More on Jar Hell

Regarding my prior post on Jar Hell, a colleague asked me to elaborate on the problems I experienced and why .NET would not have these problems.

.NET basics

First thing: .NET has a version-aware classloader and strongly-named assemblies. This means when I build a .NET app against an assembly, the app runs against that assembly, and that assembly only, unless I explicitly override that.

Also, .NET adds the concept of a global assembly cache, the GAC, into which fundamental, re-usable libraries can be placed. (The GAC gets over-used in my opinion. Too many people think their libraries are fundamental and machine wide, when they are clearly not. In any case, the GAC mechanism has its uses.)

Java classloading

I am not a Java classloader expert, so take all of what follows with a grain of salt. In practice, the way it works in Java is the Java classloader loads classes from the classpath. The Java application environment also has well-known directories from which libraries may be loaded. The lib and ext directories in the JDK/JRE, for example.

The differences

Beyond the basics, when you have an "app container" - say JBoss,Tomcat, or WebSphere - they add their own classloading rules, and special directories from which jars will be loaded.

This is one fundamental difference between Java and .NET. In .NET there is one way to find and load assemblies. It's done by Fusion. Essentially there are two places to look for assemblies: in the app's home directory (or a "special" bin directory for ASP.NET apps), or in the GAC. In Java, there are a myriad of ways to find jars, and a variety of ways to load them. Special directories abound.

The setting for JBoss+Tomcat - where I can tell it to use either the JBoss classloader behavior or the Tomcat classloader behavior (go here and scroll down half the page) - the very existence of this switch illustrates the problem. There is no such switch in .NET.

Beyond that though, is the proliferation of special directories. library directories for the JVM, for the web application container, for the uber application container. extension directories, and on and on. In .NET, there are two places to look. Not seventy two.

Next up: component libraries. On the Java side, some of the ones I used were: servlet.jar, jaxrpc.jar, log4j, xerces (an XML library). Each of these is independently versioned. But, the Java classloader doesn't care, doesn't respect versions. The classloader just scans the classpath and the special directories and loads a class with a given fully-qualified name.

If I build and test against Xerces 1.4.4, and then drop by app into a container that has a different version of Xerces, the Java classloader won't complain. Won't raise an eyebrow.

A perfect example of this is the SAX problem I had. The BEA jrockit JVM ships a version of SAX, in one of its special directories. But so also (apparently) does AXIS, or JBoss, or something else in the chain. The error I saw was the result of the "wrong" SAX library being loaded when JBoss/Tomcat/AXIS was run under BEA's JVM.

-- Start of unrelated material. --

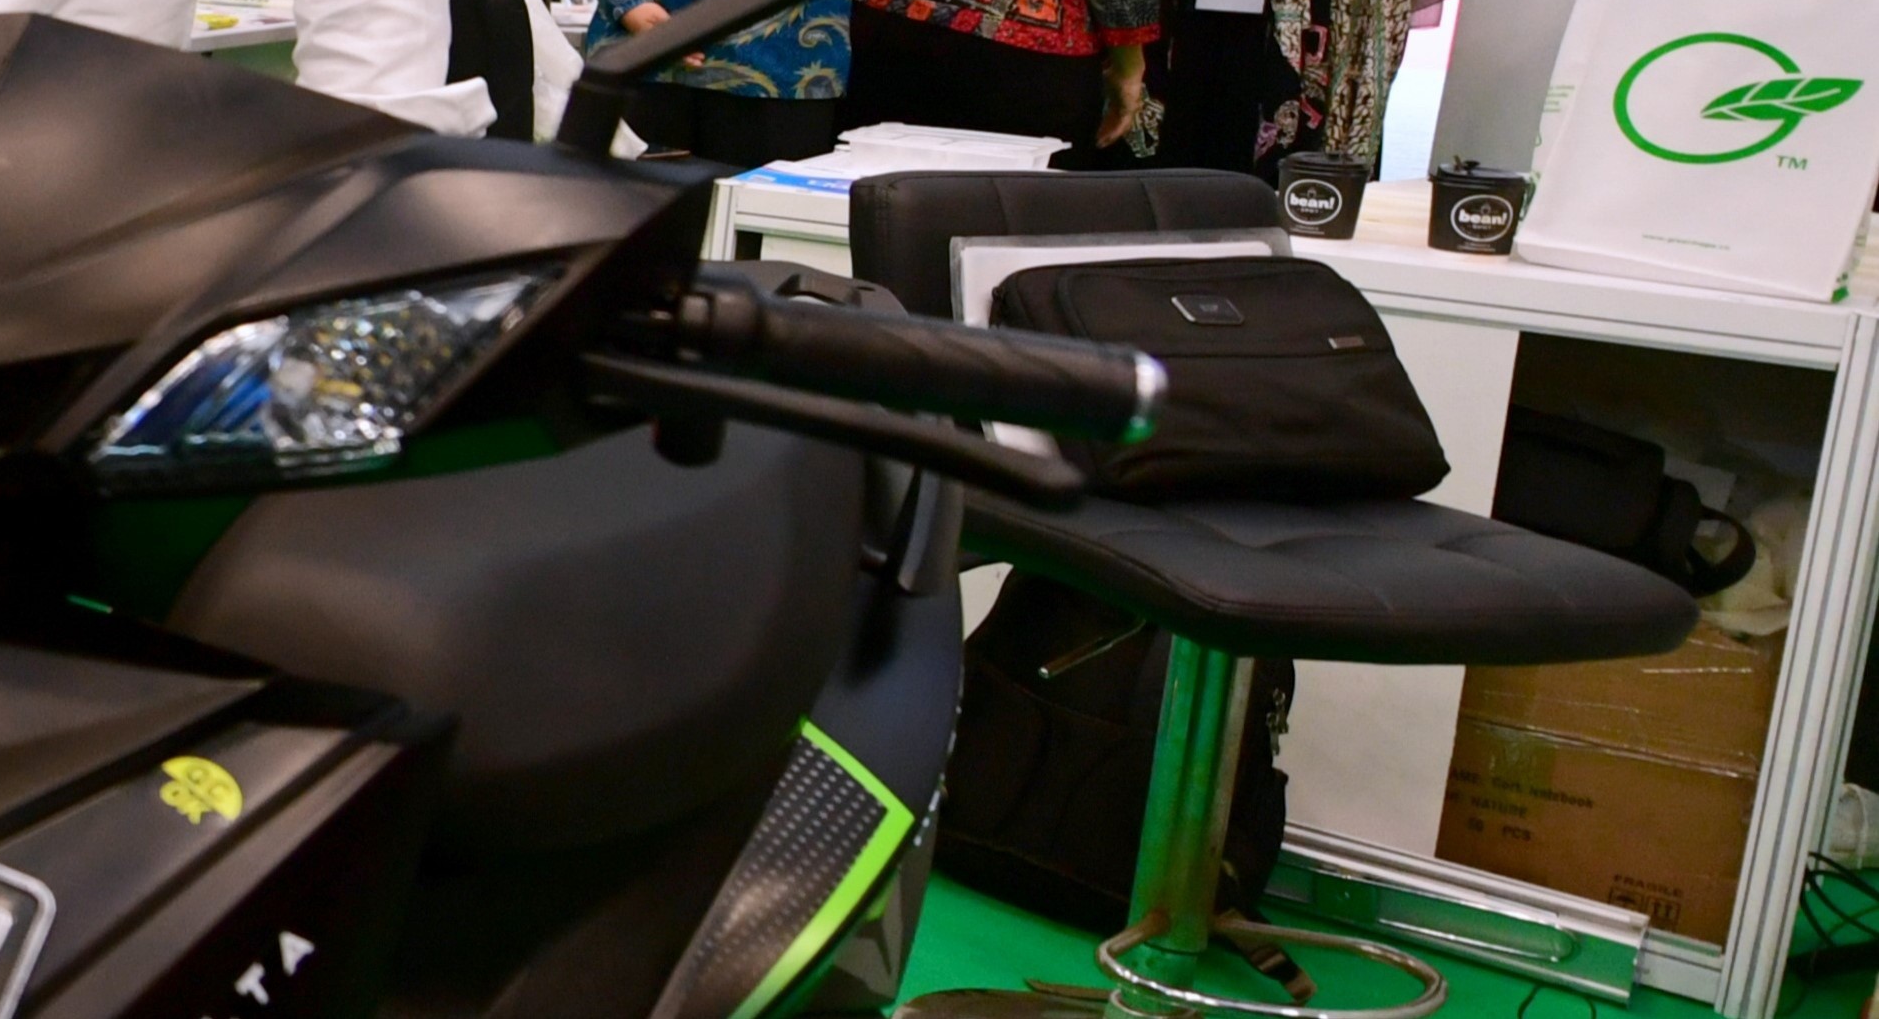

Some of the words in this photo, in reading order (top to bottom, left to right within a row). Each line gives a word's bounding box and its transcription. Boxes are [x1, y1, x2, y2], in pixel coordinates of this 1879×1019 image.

[1776, 154, 1809, 171] TM
[1289, 192, 1336, 211] bean!
[1458, 208, 1508, 226] bean!

Another example is the NoSuchMethodError I encountered while running two distinct versions of AXIS within Tomcat (within JBoss). At runtime, the classloader picked up the wrong version of the library - presumably the 1.1 version and not the 1.2 version my app was built against.

A final example, although not nearly as serious, is the ImageIO thing and the support for BMP. My WordML app was depending on Java 1.5 ImageIO function, but it ran against Java 1.4 ImageIO libraries. It was up to me as a developer to either handle the non-performance, or check whether the Java engine was 1.5 or below. This is merely a hassle, because I could handle it in my own code. The other examples were not even my code.

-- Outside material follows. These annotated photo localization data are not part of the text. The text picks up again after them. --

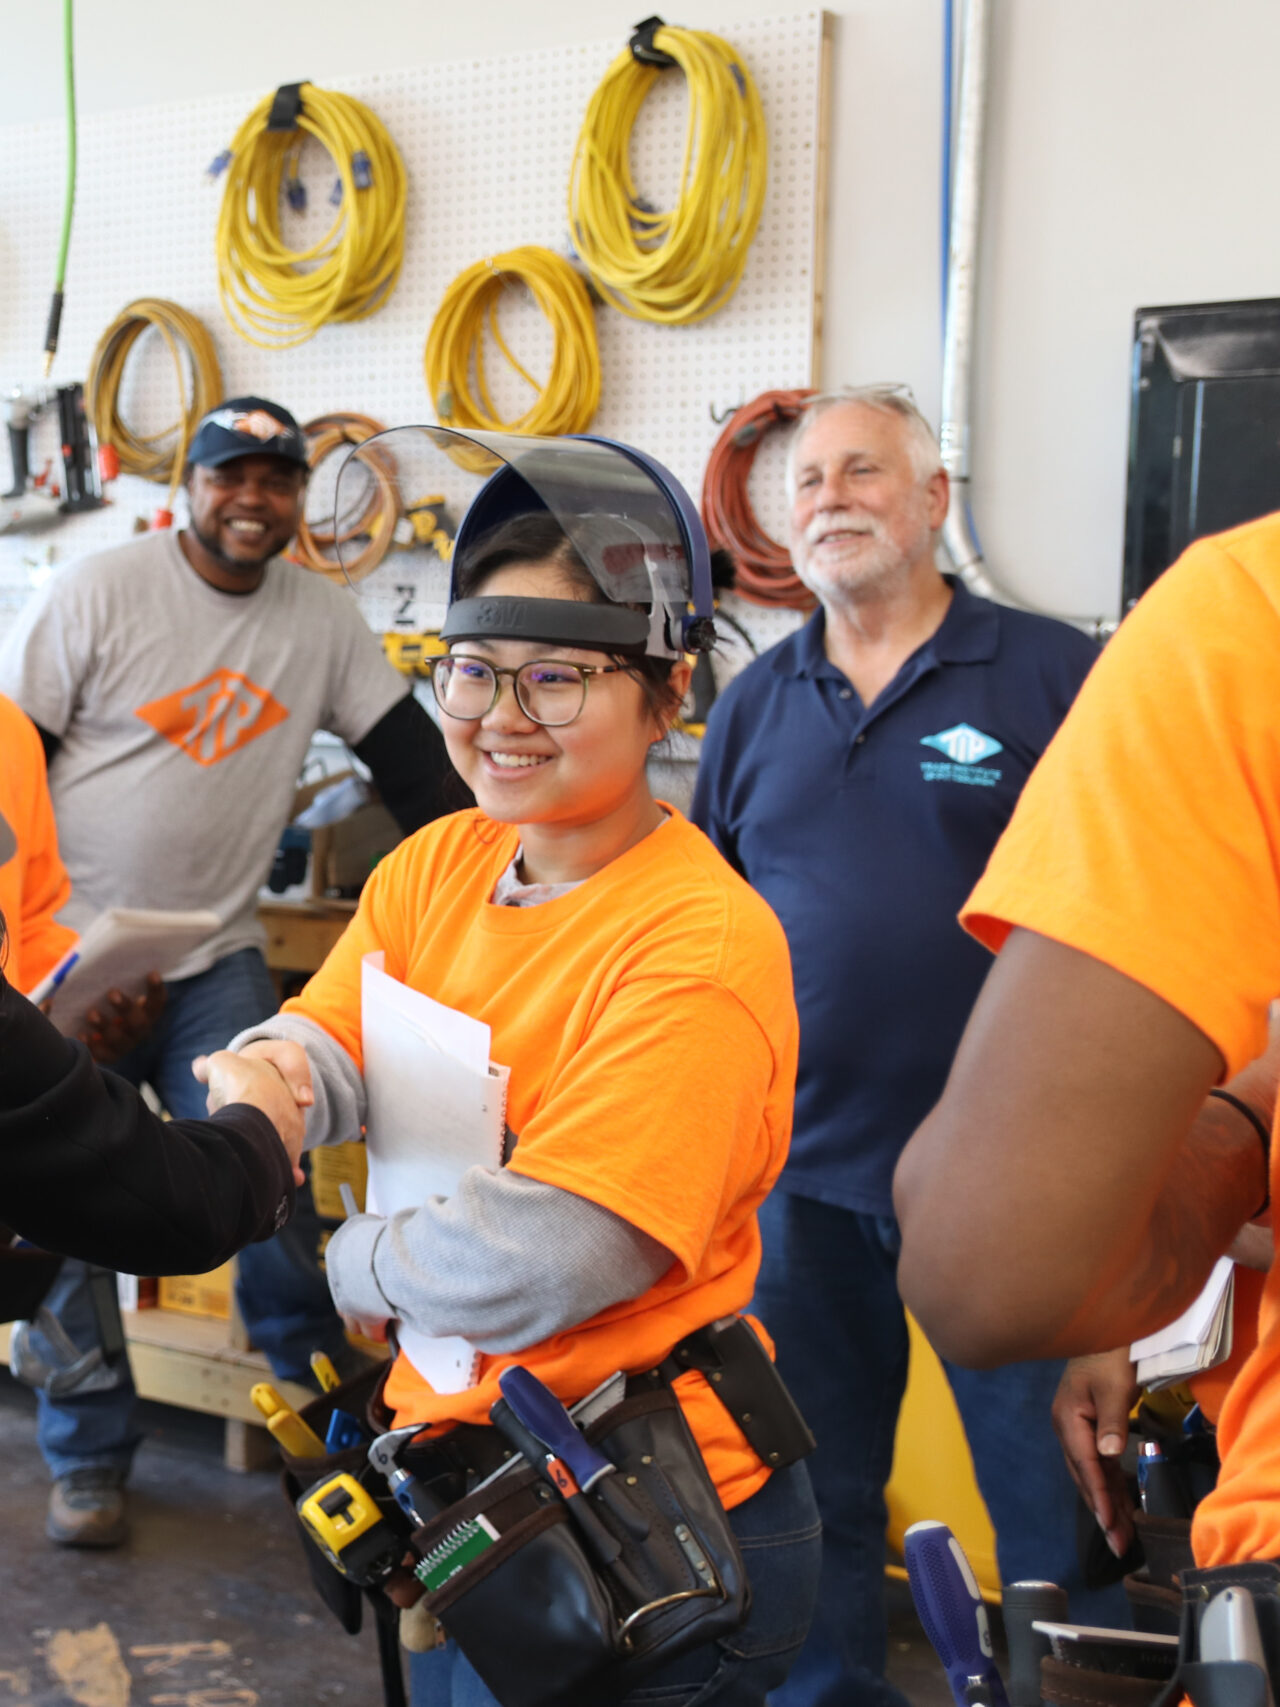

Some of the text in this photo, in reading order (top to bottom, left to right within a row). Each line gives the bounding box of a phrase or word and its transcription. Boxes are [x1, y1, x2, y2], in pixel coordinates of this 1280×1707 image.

[476, 600, 529, 629] 3M
[182, 678, 264, 760] TIP
[939, 727, 987, 763] TIP
[375, 1445, 389, 1466] 6
[556, 1468, 569, 1489] 6

In .NET this entire class of errors doesn't exist. You have to have the exact right assembly - the same one you built against, or your app won't run. This means, no accidental or inadvertent class swapping. You can make this even more bulletproof with cryptographically strong names for assemblies. This means, no malicious class-swapping. (Like, stubbing out a license enforcement class by playing classpath games. I've proven this works with major app servers).

Is he done yet?

Yeah, almost. I'm wrapping up here.

What this all means is .NET developers can basically ignore classloading and versioning issues. With .NET, essentially, you copy in the app's files (including library files), and the app is installed. With Java, you copy in the JARs, and then test, and test, and test. And you're never really sure it's going to work, because buried deep inside some routine, somewhere, maybe not even in your code, is a call out to log4j or xerces or some other library that is out-of-version.

A bunch of people have responded to my previous post and said, "I feel your pain". Another set of people responded and said "so what else is new? it's been like this for years." That is very surprising to me. I am not a Java developer by profession. It's more of a hobby ;). So I can't believe people really deal with this every day. It's so... 1997. It's like COM and "DLL Hell" all over again.

I am not able to assure you that you'll never have versioning issues with .NET. Just that I think .NET's approach is so much more ... usable.